Taking into account the strong LD among these genes, we sought for signals of recent selection using the following haplotype tests: Hudson’s haplotype test (Hudson et al. 1994), derived intra-allelic nucleotide diversity (DIND; Barreiro et al. 2009), and extended haplotype homozygosity (EHH) and relative EHH (REHH) (Sabeti et al. 2002). We started by applying the Hudson’s haplotype test because the LD block shown in figure 1C could be attributed to a single haplotype with a 100-kb extension present in 88% of the in Asian population. With such test, we examined whether the common haplotype contained fewer segregating sites than expected under neutrality given its frequency. We obtained significant results for the 100 kb region, encompassing 8 variable positions out of 44 segregating sites. The tests were based on 10,000 simulations (ms, Hudson 2002) of the constant neutral model (P = 0.0023) and on the Gutenkunst model for Asian populations (without migration) (P = 0.0205) (Gutenkunst et al. 2009).

In spite of the low nucleotide diversity associated with the extended haplotype, the DIND test showed that none of the PI3, SEMG1, or SEMG2 variants was significant under the Gutenkunst demographic model.
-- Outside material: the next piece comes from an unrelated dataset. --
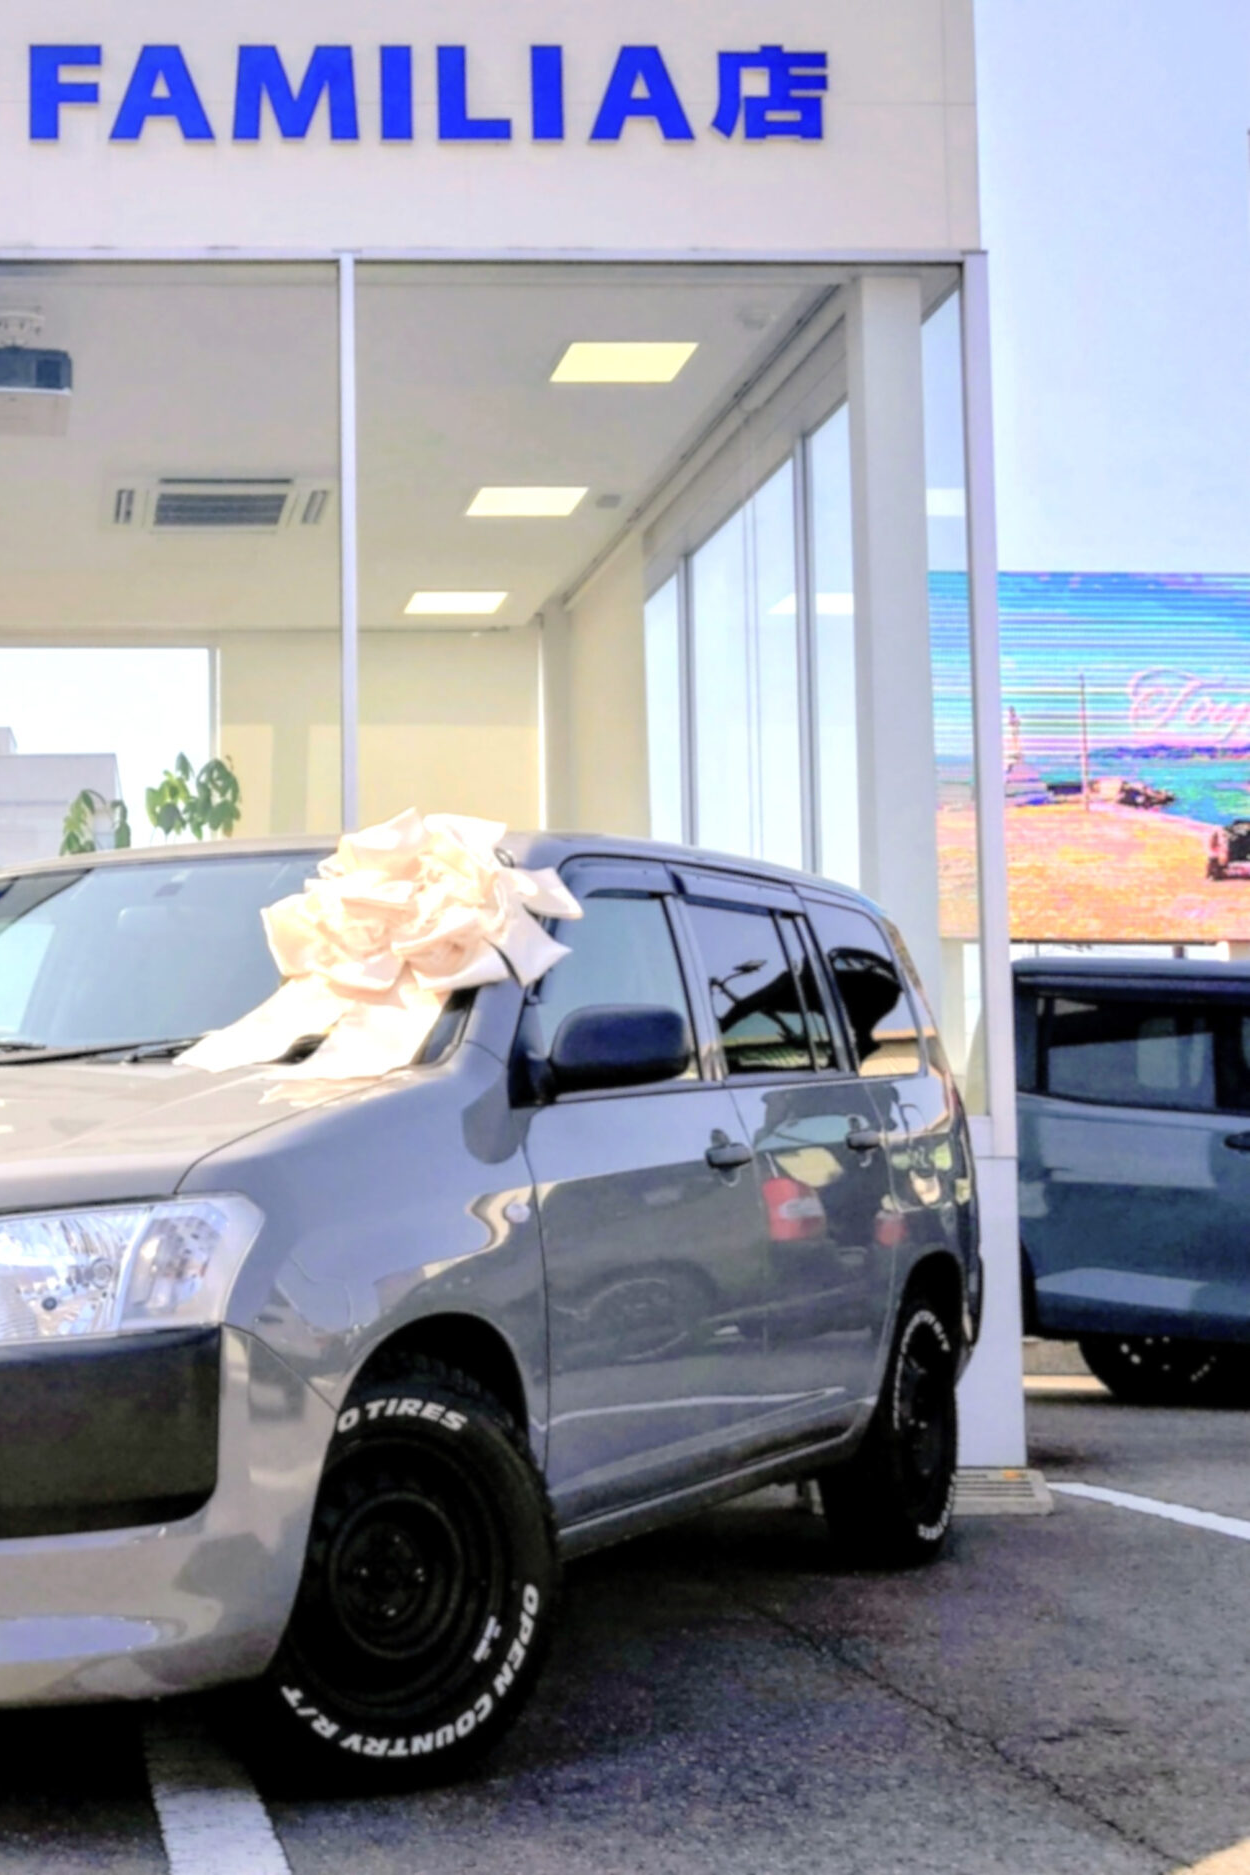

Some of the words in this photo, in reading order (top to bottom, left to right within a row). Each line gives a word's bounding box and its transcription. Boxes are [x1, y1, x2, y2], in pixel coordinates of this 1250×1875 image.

[364, 1397, 470, 1432] TIRES
[493, 1583, 540, 1698] OPEN
[340, 1691, 493, 1757] COUNTRY
Nonetheless, a number of variants (rs13042431, rs2267864, rs2301366, and rs2071651; fig. 4) located in the region of interest display borderline nonsignificance under the Gutenkunst model and present significant values under the constant model of demography. From the latter SNPs, only one is a NS variant (rs2301366 A→T), reflecting an amino acid change of Thr56Ser in SEMG1 (fig. 4).

Fig. 4.

Fig. 4.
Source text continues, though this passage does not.